Berta H. [accused of participating in the killing of 35 patients]: In other words, at that time I thought, I wouldn't be guilty if I didn't do the actual killings. To my own conscience, I always felt a little bit guilty and I tried to cope with it as far as possible to forget everything (Ebbinghaus, 1987, p. 244).
Martha Elisabeth G. [accused of killing 28 patients]: Certainly I felt guilty about it at that time and, although I didn't do any killings by myself, I did help and I had a certain felling of guilt. I'm only an ordinary nurse,...and never realized that, legally speaking, I had become implicated in the killings. When I had to assist in the killings, I acted under duress and never with the intention to kill a person. (...) At that time, nobody would have helped us at Obrawalde if we had refused to do the work and there wasn't anybody to pour out one's heart to and who we could trust. As a sort of slaves we were completely at the mercy of the rulers and their political line (Ebbinghaus, 1987, p. 245).
Edith B.: Although I knew, respectively assumed from hearsay, that at Ward U2 (...) killings were done and the patients I moved to that ward possibly were condemned women, I didn't see anything wrong with it (Ebbinghaus, 1987, p. 245).
Margarete Maria M. [accused of killing three patients]: If I had refused to execute her [another nurse's] orders, I would have been dismissed.
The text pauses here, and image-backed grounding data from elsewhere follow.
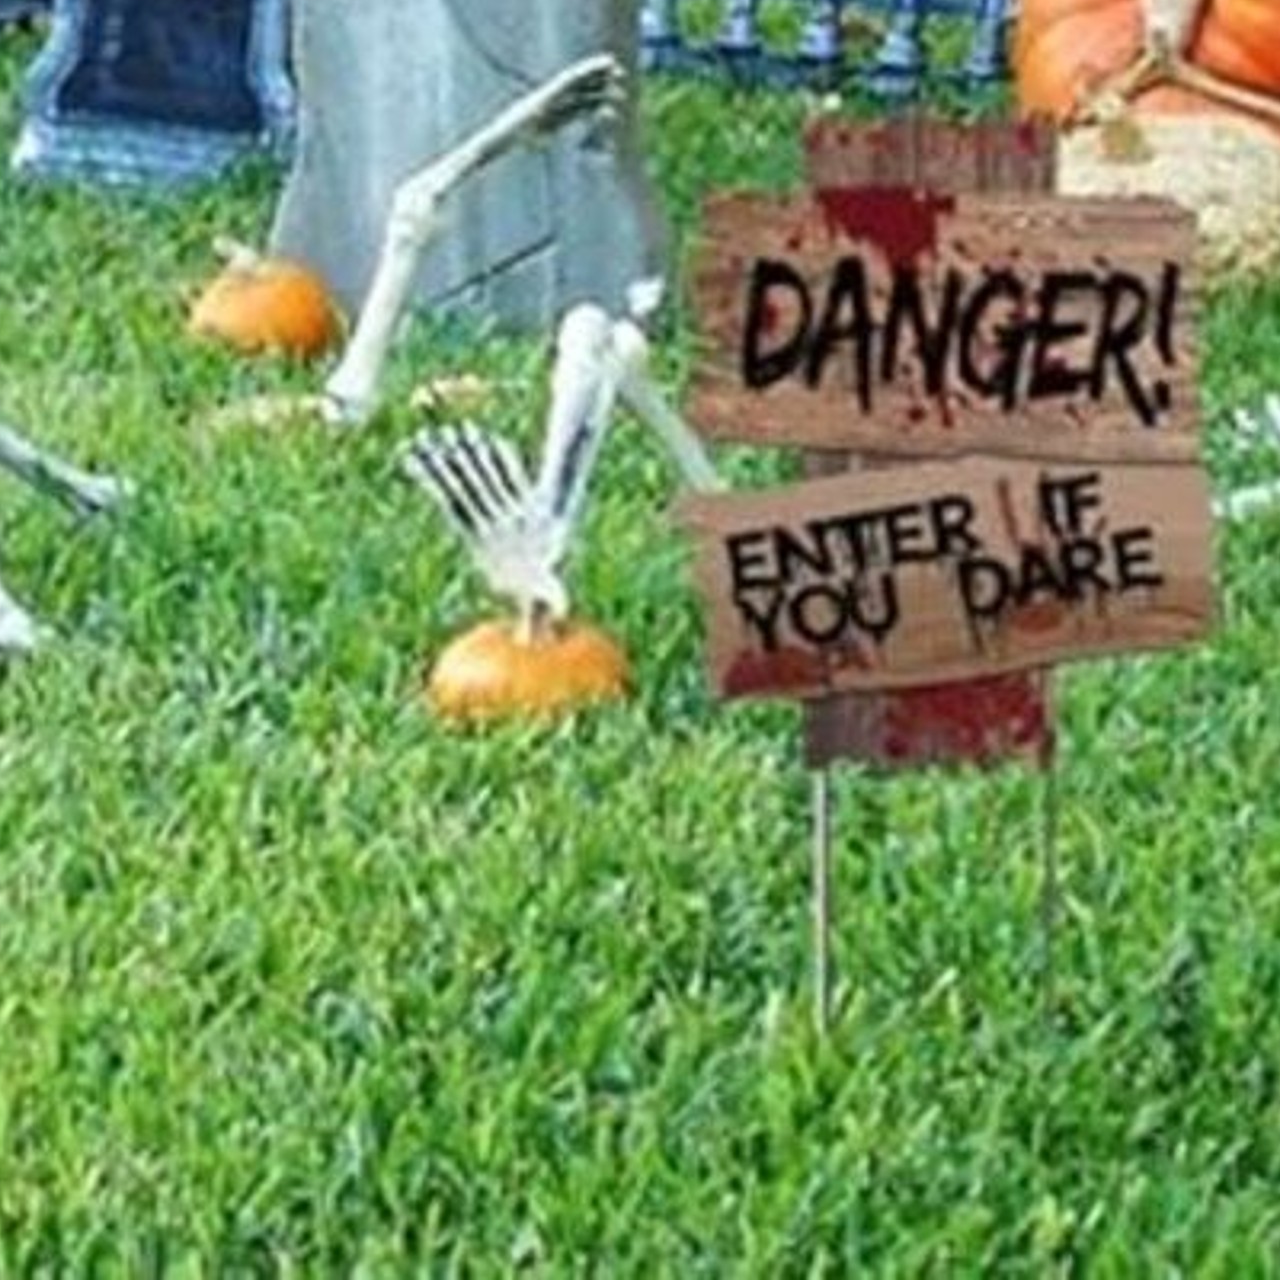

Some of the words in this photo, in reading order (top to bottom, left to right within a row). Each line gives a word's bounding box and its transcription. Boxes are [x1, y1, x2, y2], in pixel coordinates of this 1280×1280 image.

[741, 254, 1180, 427] DANGER!
[725, 494, 980, 592] ENTER
[1034, 472, 1102, 537] IF
[731, 568, 900, 653] YOU
[957, 527, 1162, 622] DARE
I could have quit the job, but at that time I was obliged to support my grandparents in Meseritz (Ebbinghaus, 1987, p. 245).
Gertrude F. [accused of killing five patients]: When I did it by preparing the medicine, I did it without any knowledge of legal consequences. The preparation of medicine in order to give it to the patient actually was one of my duties which was one of the reasons why I didn't realize that I did something wrong. I wasn't able to see a direct connection between my work and the killings. In addition you have to consider that I had worked in a mental institution for years and that the nurses were obliged to strictly obey their superiors, the senior nurses, the physicians and, last but not least, the director of the institution. In addition, I was the youngest nurse at our ward. Still today, I haven't completely become aware of my wrongdoing (Ebbinghaus, 1987, p. 245).
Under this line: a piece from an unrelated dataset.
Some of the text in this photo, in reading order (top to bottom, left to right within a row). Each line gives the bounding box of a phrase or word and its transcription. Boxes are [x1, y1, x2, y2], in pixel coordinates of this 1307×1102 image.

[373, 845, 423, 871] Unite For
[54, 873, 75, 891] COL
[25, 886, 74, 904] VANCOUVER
Erna Elfriede E. [accused of participating in the killing of 200 patients]: They didn't make me swear on a secret matter of the Reich and I wasn't sworn to silence. (...) I considered the killings as injustice. Something like that was not supposed to happen, because nobody was allowed to order it. I was brought up quite as a Christian. I already learned as a child what one may and mustn't do. I learned that one mustn't steal and mustn't kill. [When asked why she didn't refuse to participate in the killings] Because I was ordered to do it. When I am asked again, why I didn't refuse, although I realized that it was an injustice, I can't give an answer to this question. I do and did in the past have a strong feeling of guilt but it is impossible for me to give a reason for the fact that I didn't refuse. It simply was ordered and I had to execute the orders (Ebbinghaus, 1987, p. 246).